La vicenda del contratto del Comparto unico e dello stop imposto dalla Corte dei Conti Fvg è più di un incidente amministrativo: è un test di affidabilità per la Regione e, di riflesso, per l’intero sistema degli Enti locali. Invito sempre a verificare le informazioni con fonti istituzionali.
Il nodo non è solo tecnico. È politico, strategico, identitario.
Quando un atto così atteso – quattro anni di attesa, promesse, rassicurazioni – non supera il vaglio dei magistrati contabili, significa che la filiera amministrativa non ha prodotto ciò che serviva. E questo, in un sistema autonomistico, pesa più di qualsiasi dichiarazione di principio.
Le parole di Alessandro Venanzi intercettano un punto che non può essere eluso: l’autonomia speciale non si difende con gli slogan, ma con la qualità dei dossier. Se le obiezioni della Corte erano prevedibili, allora dovevano essere previste. Se non lo sono state, il problema non è della Corte.
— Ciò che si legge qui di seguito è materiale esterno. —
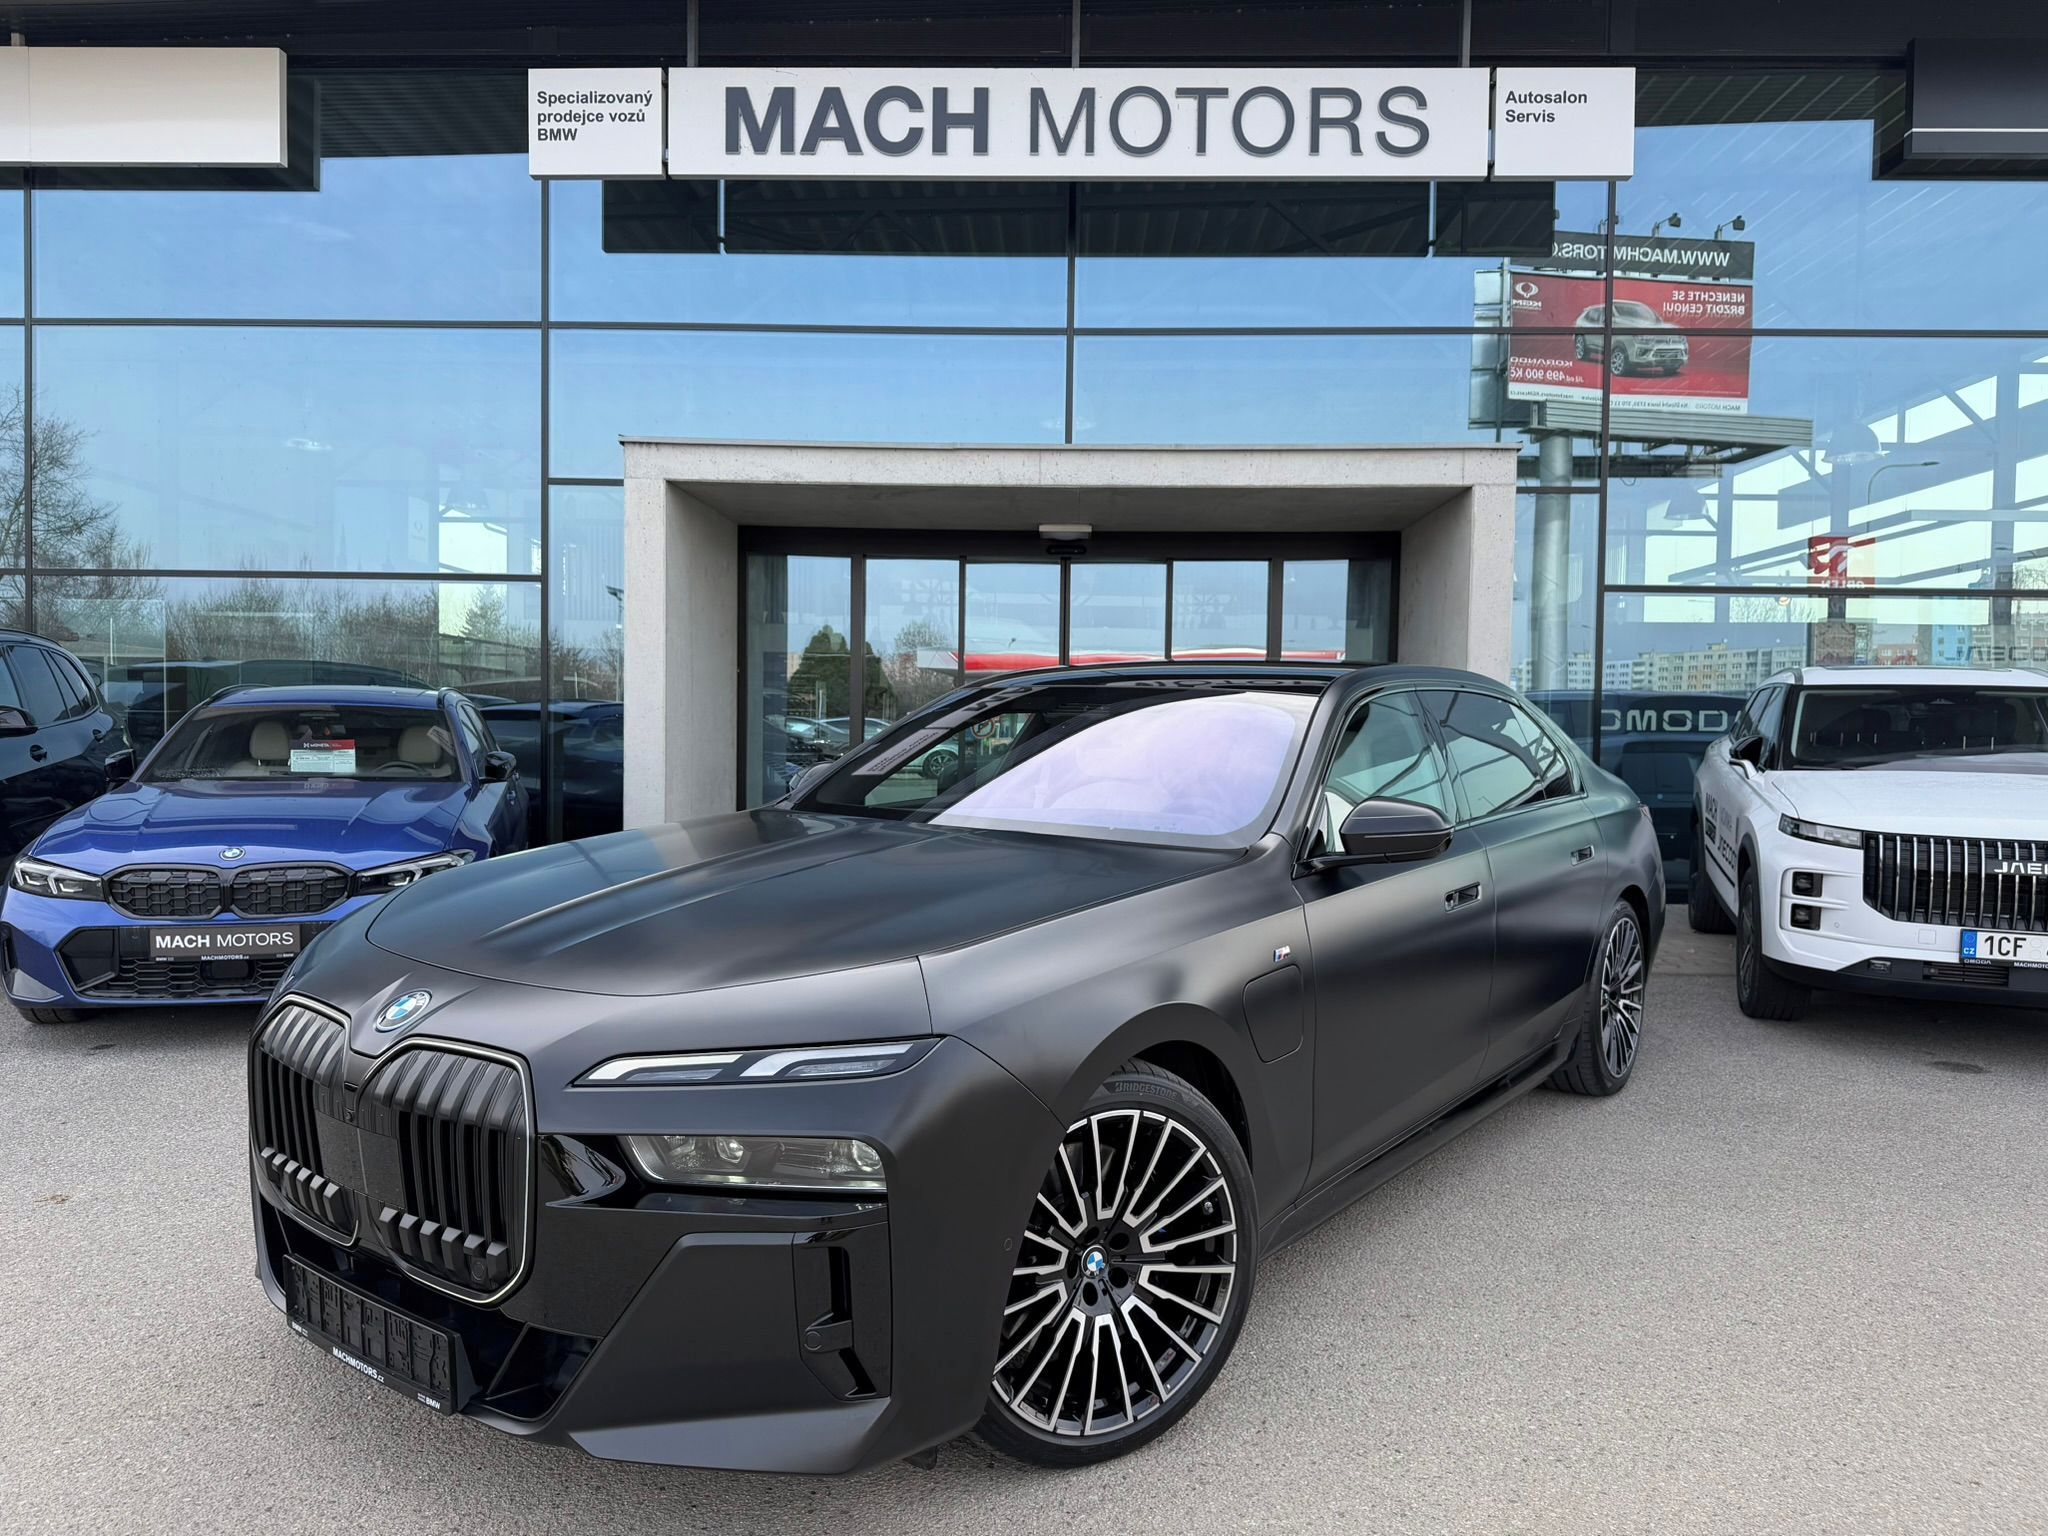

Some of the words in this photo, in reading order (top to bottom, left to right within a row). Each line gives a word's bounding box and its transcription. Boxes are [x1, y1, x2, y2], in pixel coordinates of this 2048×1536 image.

[537, 90, 653, 107] Specializovaný
[1505, 90, 1588, 104] Autosalon
[537, 109, 604, 126] prodejce
[609, 108, 645, 122] vozů
[725, 86, 990, 157] MACH
[1029, 85, 1430, 157] MOTORS
[1505, 109, 1556, 123] Servis
[537, 128, 578, 141] BMW
[155, 934, 210, 949] MACH
[217, 931, 294, 947] MOTORS
[1984, 935, 2027, 957] 1CF
[1963, 947, 1975, 955] CZ
[1115, 1082, 1177, 1100] BRIDGESTONE
[425, 1396, 441, 1411] BMW
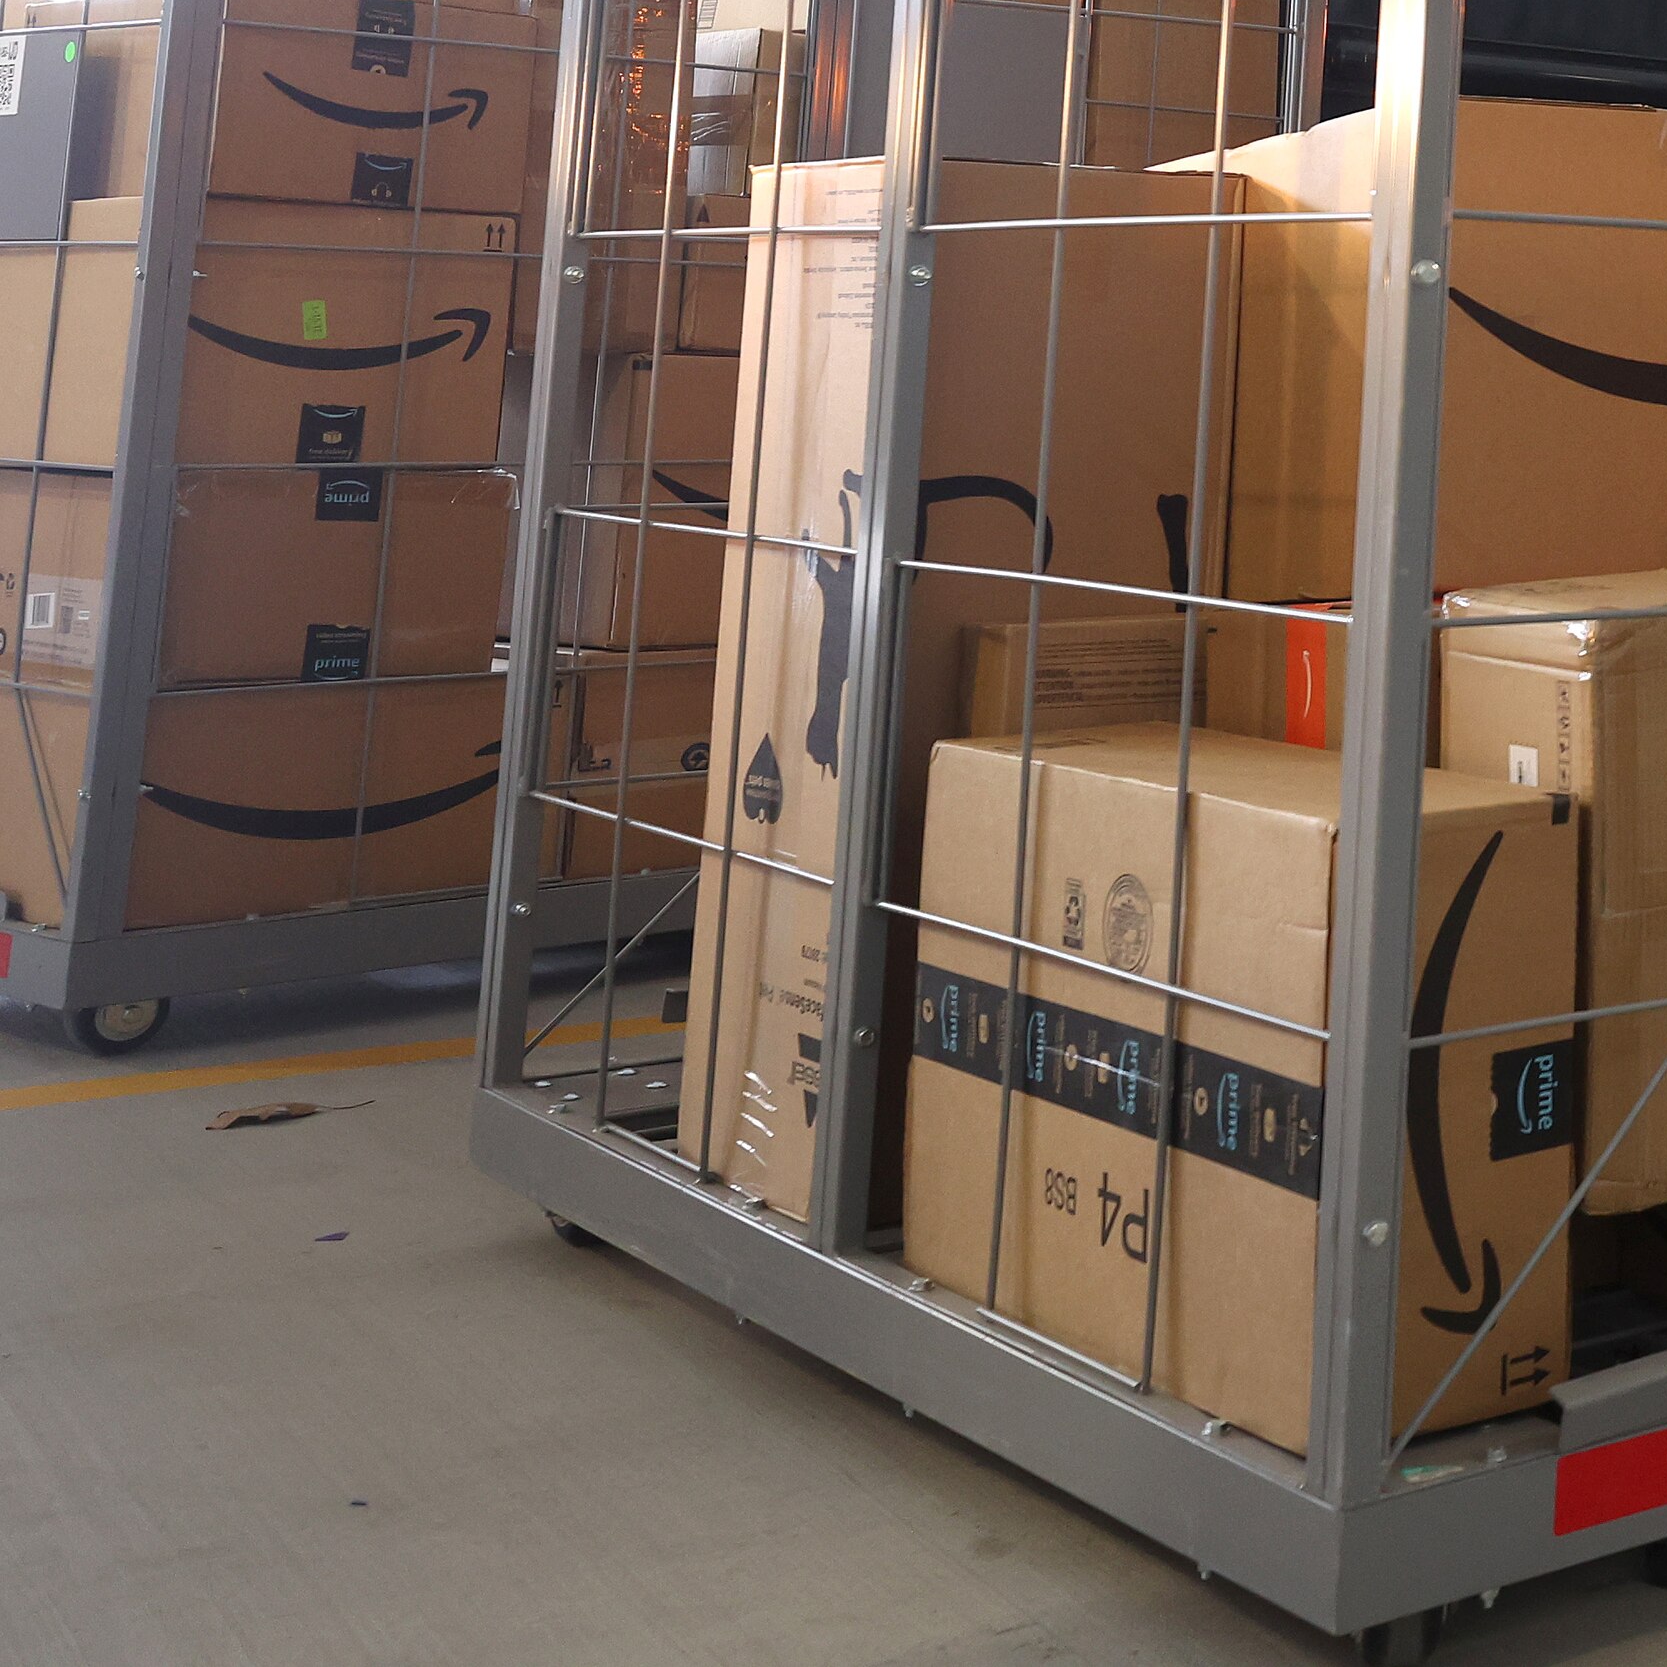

È della Regione.
La replica dell’assessore Pierpaolo Roberti, che parla di “scivolone” e richiama l’unità nella difesa della specialità, mostra la tensione tra narrazione e metodo. Difendere l’autonomia è un dovere comune, ma non può diventare un paravento dietro cui nascondere le fragilità della macchina amministrativa.
La specialità non è un vessillo: è una responsabilità. E richiede competenza, rigore, capacità di anticipare le criticità.
Il punto vero è che questo stop non danneggia una parte politica: danneggia il sistema.
E quando il sistema si inceppa, i Comuni – troppo pochi, troppo esposti, troppo spesso costretti a trattenere competenze con stipendi non competitivi – sono i primi a pagarne il prezzo.
In un territorio che punta a rafforzare la propria centralità, questo è un segnale che non può essere ignorato.
La lezione è chiara: l’autonomia si difende con atti che reggono, non con dichiarazioni che rassicurano.
Gli impegni presi con il personale pubblico vanno rispettati, e per rispettarli servono dossier solidi, istruttorie inattaccabili, una Regione capace di sostenere davvero gli Enti locali.
Il futuro della specialità passa da qui: dalla credibilità delle scelte, dalla qualità del lavoro amministrativo, dalla capacità di evitare che un contratto atteso da anni si blocchi per errori prevedibili.
Perché l’autonomia non è un privilegio: è un compito. E va onorato con precisione, non con retorica.